This Old Campsite
This Old Campsite
It was the Friday after Easter in 2009. We were planning a short trip in our camper and I had a few small items that I needed to fix on the camper before we took our trip. Rain was in the forecast and the clouds were already getting heavy. My work would be done outside so there was a chance I would get wet but I decided to go out to the storage lot and take a chance on finishing before the rain started.

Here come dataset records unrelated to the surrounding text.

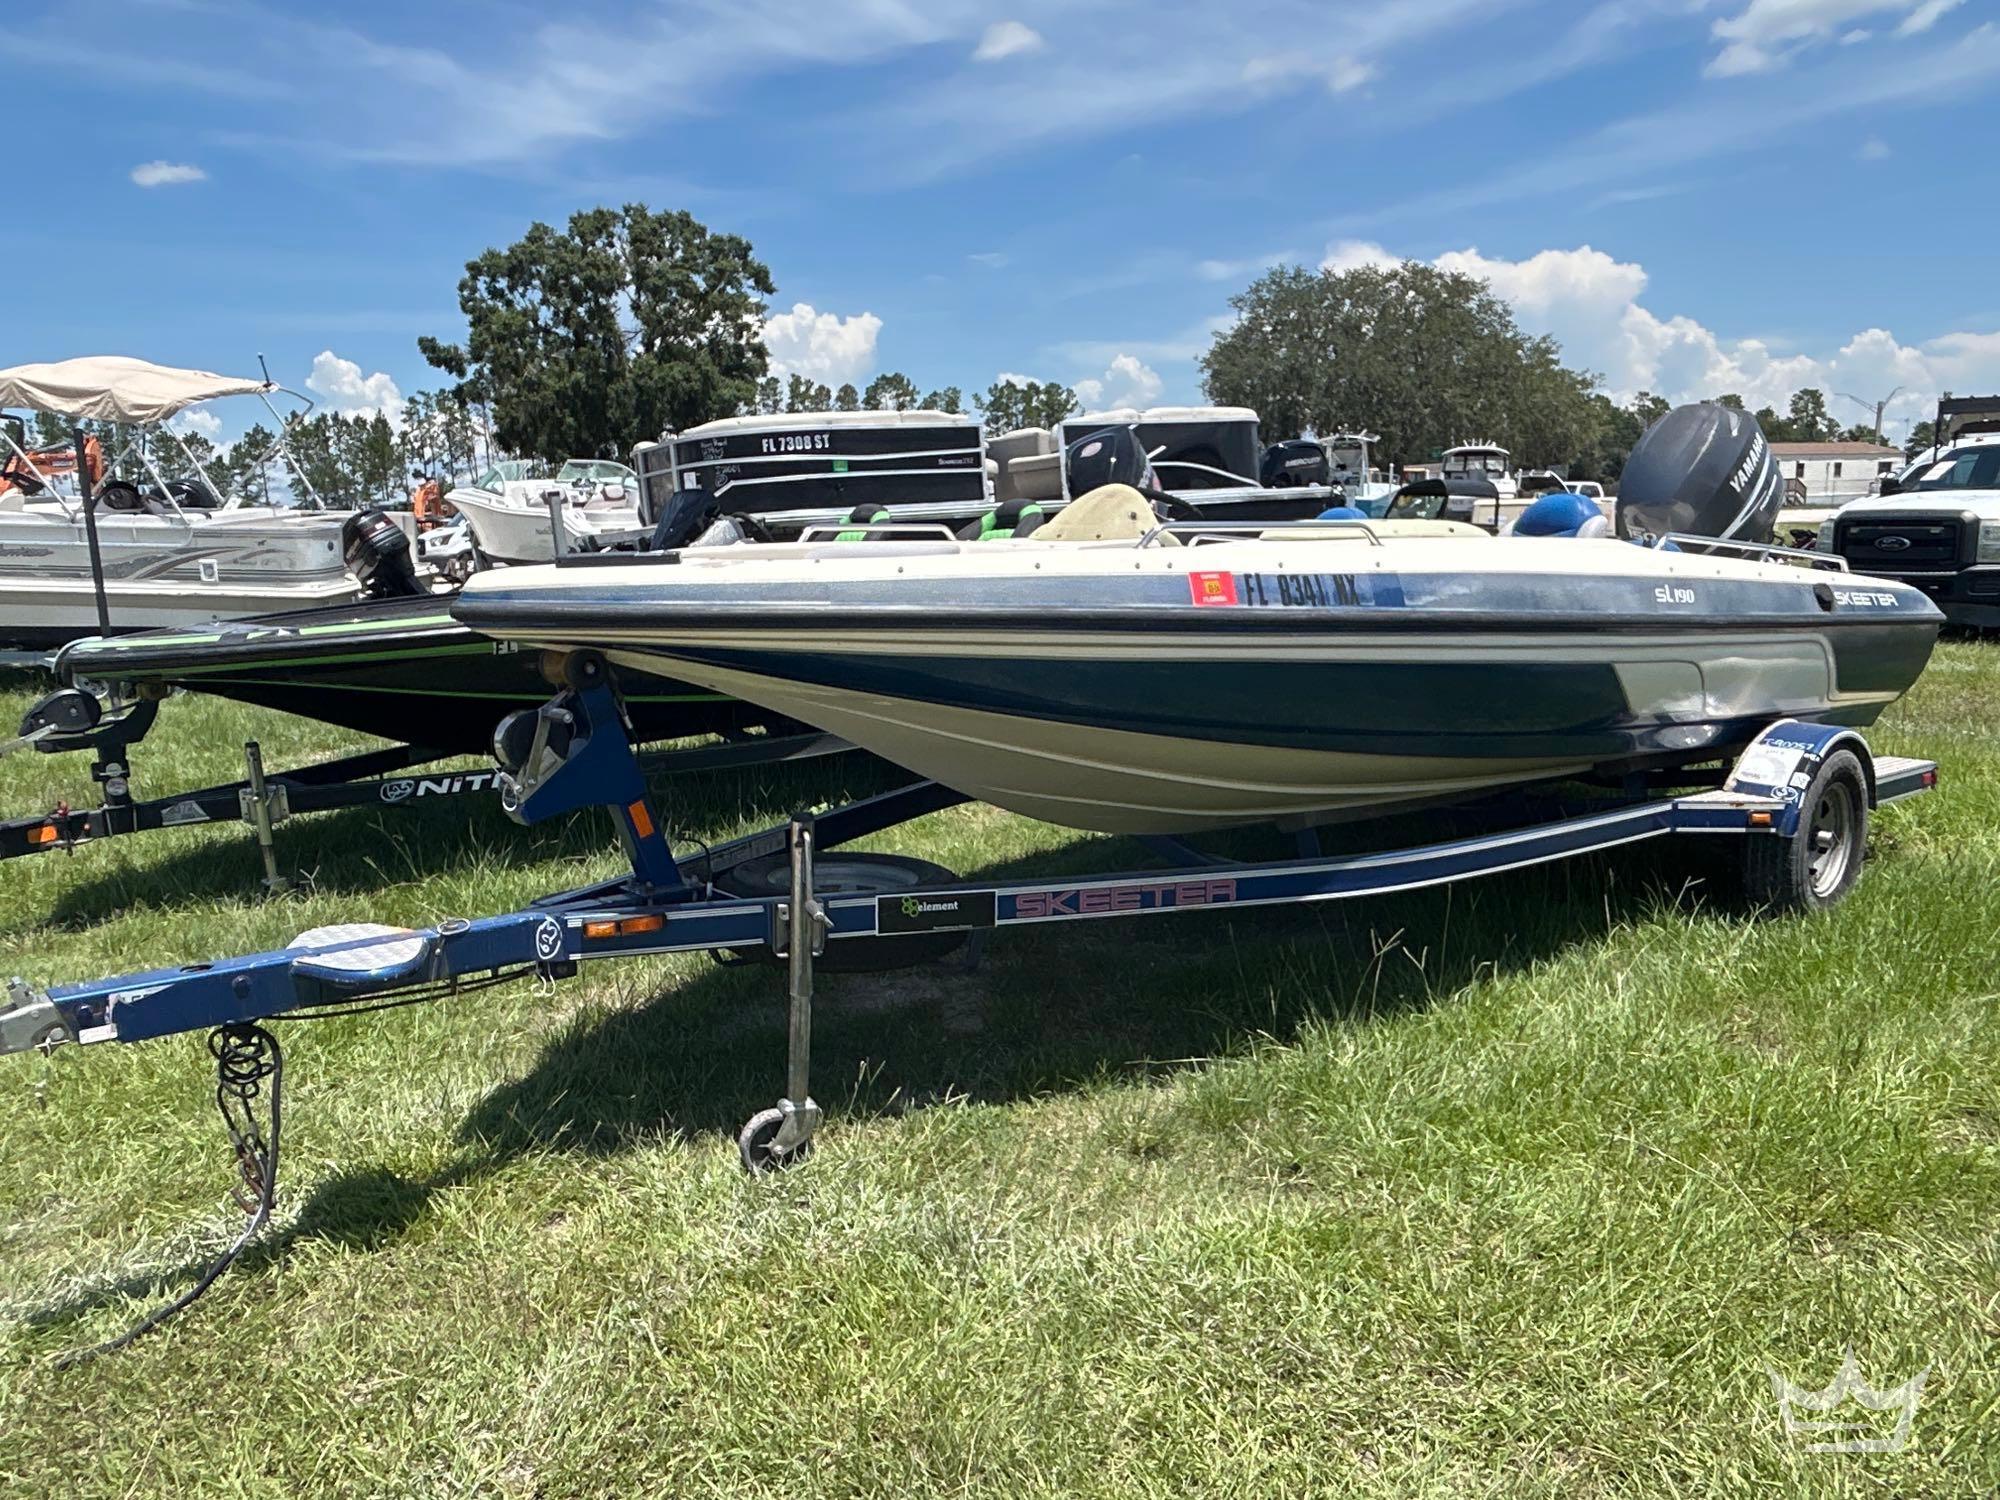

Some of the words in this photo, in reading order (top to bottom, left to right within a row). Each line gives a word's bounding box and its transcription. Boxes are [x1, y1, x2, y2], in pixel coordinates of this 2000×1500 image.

[761, 438, 777, 453] FL
[813, 433, 831, 449] ST
[1729, 431, 1765, 494] YAMAHA
[1243, 573, 1269, 606] FL
[1833, 591, 1900, 607] SKEETER
[917, 900, 959, 912] element
[1015, 878, 1238, 919] SKEETER

Our camper was stored in an outside storage lot with a high chain link fence surrounding the area. Each person who had something stored in the lot had an individual key to the locks on the two gates into the storage area. There were no video cameras installed and I knew that up front when I moved into the lot. The owner spent a lot of time at the lot and it is in a good area so I didn't feel uncomfortable not having security cameras.
Well, as I drove down the road beside the storage lot I noticed that my 36 foot Everest fifth wheel was not where I left it. Neither was the camper of my friend who kept his camper next to mine. Of course I thought this was strange and looked around to see if maybe I had come to the wrong place. After all, as you get older the mind gets a little dull and I could have been lost. However, everything looked familiar so I drove up to the gate and looked again for my camper. The lot isn't very large so it is easy to see most of the lot from any position. I was in disbelief and my mind was starting to become befuddled. Once again, the thought crossed my mind that I wasn't in the right place. I got out of the truck and put my key into the lock. It opened! Man, I must be in the correct place but where the hell is my camper and where is my friend's camper. I walked around the storage building in the middle of the lot, but no trailer.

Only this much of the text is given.